The Navy hospital ship USNS Comfort was sent to Puerto Rico to assist with relief efforts in the wake of Hurricane Maria. Weeks later, almost all of its beds are empty and patients in dire need on the island are unable to reach the ship:

Sammy Rolon is living in a makeshift clinic set up at a school. He has cerebral palsy and epilepsy and is bedridden. He’s waiting for surgery that was scheduled before Hurricane Maria smashed into Puerto Rico. Now, he can’t even get the oxygen he needs.

There is help available for the 18-year-old — right offshore. A floating state-of-the-art hospital, the USNS Comfort, could provide critical care, his doctor says. But nobody knows how to get him there. And Sammy is not alone.

Clinics that are overwhelmed with patients and staff say they don’t even know how to begin sending cases to the ship. Doctors say there’s a rumor that patients have to be admitted to a central hospital before they can be transferred to the Comfort. Only 33 of the 250 beds on the Comfort — 13% — are being used, nearly two weeks after the ship arrived.

It does the people of Puerto Rico no good to have a hospital ship offshore if hundreds of people that could benefit from it can’t receive treatment on it. There are evidently some serious failures of communication and/or coordination between the military and federal and local authorities that need to be fixed right away. Anything that can alleviate the burden on the island’s strained health care system will obviously be an important improvement over the current situation.

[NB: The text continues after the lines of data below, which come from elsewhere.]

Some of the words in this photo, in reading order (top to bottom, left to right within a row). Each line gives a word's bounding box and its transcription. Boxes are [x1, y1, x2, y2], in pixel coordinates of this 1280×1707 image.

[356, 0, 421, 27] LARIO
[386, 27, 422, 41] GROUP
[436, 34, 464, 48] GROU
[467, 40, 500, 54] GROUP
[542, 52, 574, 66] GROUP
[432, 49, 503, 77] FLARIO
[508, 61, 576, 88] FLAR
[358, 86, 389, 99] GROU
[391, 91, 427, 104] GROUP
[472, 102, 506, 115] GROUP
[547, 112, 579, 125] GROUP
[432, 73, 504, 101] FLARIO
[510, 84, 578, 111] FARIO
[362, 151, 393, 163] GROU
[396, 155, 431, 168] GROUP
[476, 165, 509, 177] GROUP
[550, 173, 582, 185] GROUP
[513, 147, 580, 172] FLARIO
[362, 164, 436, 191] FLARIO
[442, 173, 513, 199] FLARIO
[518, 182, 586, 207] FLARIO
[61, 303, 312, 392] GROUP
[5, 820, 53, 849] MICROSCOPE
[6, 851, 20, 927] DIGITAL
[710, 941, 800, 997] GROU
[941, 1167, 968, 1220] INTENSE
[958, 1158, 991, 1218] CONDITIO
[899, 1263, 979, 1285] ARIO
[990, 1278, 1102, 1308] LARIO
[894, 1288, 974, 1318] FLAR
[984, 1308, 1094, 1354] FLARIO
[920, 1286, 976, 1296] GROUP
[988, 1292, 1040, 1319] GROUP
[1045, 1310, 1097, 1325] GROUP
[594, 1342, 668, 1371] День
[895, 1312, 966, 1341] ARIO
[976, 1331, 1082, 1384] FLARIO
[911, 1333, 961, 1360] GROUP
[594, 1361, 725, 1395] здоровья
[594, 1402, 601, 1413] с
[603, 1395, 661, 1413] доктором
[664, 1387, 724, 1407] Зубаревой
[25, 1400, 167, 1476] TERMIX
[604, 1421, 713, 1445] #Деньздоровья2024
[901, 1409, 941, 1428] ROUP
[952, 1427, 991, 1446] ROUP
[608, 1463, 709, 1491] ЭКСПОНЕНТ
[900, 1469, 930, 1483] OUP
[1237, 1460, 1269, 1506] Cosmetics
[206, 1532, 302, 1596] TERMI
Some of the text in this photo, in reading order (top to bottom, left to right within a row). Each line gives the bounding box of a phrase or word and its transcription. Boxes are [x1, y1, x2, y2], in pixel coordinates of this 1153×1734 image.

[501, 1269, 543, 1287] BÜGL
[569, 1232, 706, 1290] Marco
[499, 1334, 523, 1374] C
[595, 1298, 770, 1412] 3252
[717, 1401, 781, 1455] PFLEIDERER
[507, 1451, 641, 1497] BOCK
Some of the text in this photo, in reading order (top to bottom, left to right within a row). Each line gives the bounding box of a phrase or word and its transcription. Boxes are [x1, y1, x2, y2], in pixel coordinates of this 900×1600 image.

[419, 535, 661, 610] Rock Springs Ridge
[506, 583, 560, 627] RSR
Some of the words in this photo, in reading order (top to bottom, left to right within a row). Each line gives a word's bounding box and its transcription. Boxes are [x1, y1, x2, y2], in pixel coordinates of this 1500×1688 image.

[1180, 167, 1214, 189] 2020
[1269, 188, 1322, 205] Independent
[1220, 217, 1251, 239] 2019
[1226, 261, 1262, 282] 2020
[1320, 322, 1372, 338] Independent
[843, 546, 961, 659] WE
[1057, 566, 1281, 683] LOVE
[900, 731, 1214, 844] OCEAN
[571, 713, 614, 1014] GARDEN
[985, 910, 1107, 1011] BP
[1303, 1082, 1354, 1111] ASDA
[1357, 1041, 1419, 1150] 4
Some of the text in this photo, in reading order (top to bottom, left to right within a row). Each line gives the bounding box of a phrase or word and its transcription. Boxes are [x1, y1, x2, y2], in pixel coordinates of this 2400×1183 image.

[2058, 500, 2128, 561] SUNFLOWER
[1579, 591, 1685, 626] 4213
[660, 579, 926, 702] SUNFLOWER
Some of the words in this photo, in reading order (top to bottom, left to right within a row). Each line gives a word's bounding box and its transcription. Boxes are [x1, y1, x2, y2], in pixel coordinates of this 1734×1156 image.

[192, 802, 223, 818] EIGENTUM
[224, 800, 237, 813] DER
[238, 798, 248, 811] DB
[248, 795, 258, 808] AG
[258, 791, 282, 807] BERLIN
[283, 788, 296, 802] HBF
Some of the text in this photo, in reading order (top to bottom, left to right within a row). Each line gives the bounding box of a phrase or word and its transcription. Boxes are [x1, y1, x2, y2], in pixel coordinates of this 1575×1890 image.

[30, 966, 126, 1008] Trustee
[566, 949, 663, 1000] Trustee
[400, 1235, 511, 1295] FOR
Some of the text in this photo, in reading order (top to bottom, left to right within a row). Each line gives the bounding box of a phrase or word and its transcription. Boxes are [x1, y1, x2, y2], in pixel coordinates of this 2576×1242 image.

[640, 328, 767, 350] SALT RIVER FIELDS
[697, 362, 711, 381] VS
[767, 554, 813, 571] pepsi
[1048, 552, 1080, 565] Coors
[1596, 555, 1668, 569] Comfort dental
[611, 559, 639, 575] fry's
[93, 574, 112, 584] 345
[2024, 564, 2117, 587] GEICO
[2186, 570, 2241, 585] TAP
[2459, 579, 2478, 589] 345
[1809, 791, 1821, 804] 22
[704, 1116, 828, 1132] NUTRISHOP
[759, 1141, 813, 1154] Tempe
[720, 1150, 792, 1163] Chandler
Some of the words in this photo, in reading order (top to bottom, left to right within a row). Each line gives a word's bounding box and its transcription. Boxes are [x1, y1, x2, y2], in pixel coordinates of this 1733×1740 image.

However, that will only begin to address the island’s larger health crisis:

More than three weeks after Hurricane Maria ripped through Puerto Rico, the situation remains bleak and dangerous for the infirm and the elderly. The island is running low on medicine. Many hospitals aren’t fully operational, and with the electrical grid practically wiped out, many are still running with backup generators.

Puerto Rico’s health care facilities clearly need more fuel and medicine than they are receiving, and those are shortfalls that the government and aid organizations should be able to make up. Even allowing for the difficulties in distribution, shortages of basic supplies should not be allowed to happen this many weeks after the storm.

An added danger is that accumulating trash, debris, and dead bodies on the streets are creating conditions for a major public health disaster:

Three weeks after Hurricane Maria devastated Puerto Rico, killing at least 44 people, Jose Vargas Vidot surveyed street after street lined with mounds of soaking garbage mixed with mud, trees and sometimes dead animals.

You couldn’t make a better breeding ground for rats, roaches and all sorts of nasty diseases, the public health volunteer said. And every day the fetid piles stay there, the risk of an epidemic grows.

“We’re already building the next disaster,” he said.

When we combine this with the contamination of water sources and the lack of potable water for hundreds of thousands of people that I discussed yesterday, we have the makings of a very serious crisis. Puerto Rico still needs a great deal more assistance, and it will need that assistance for a long time to come.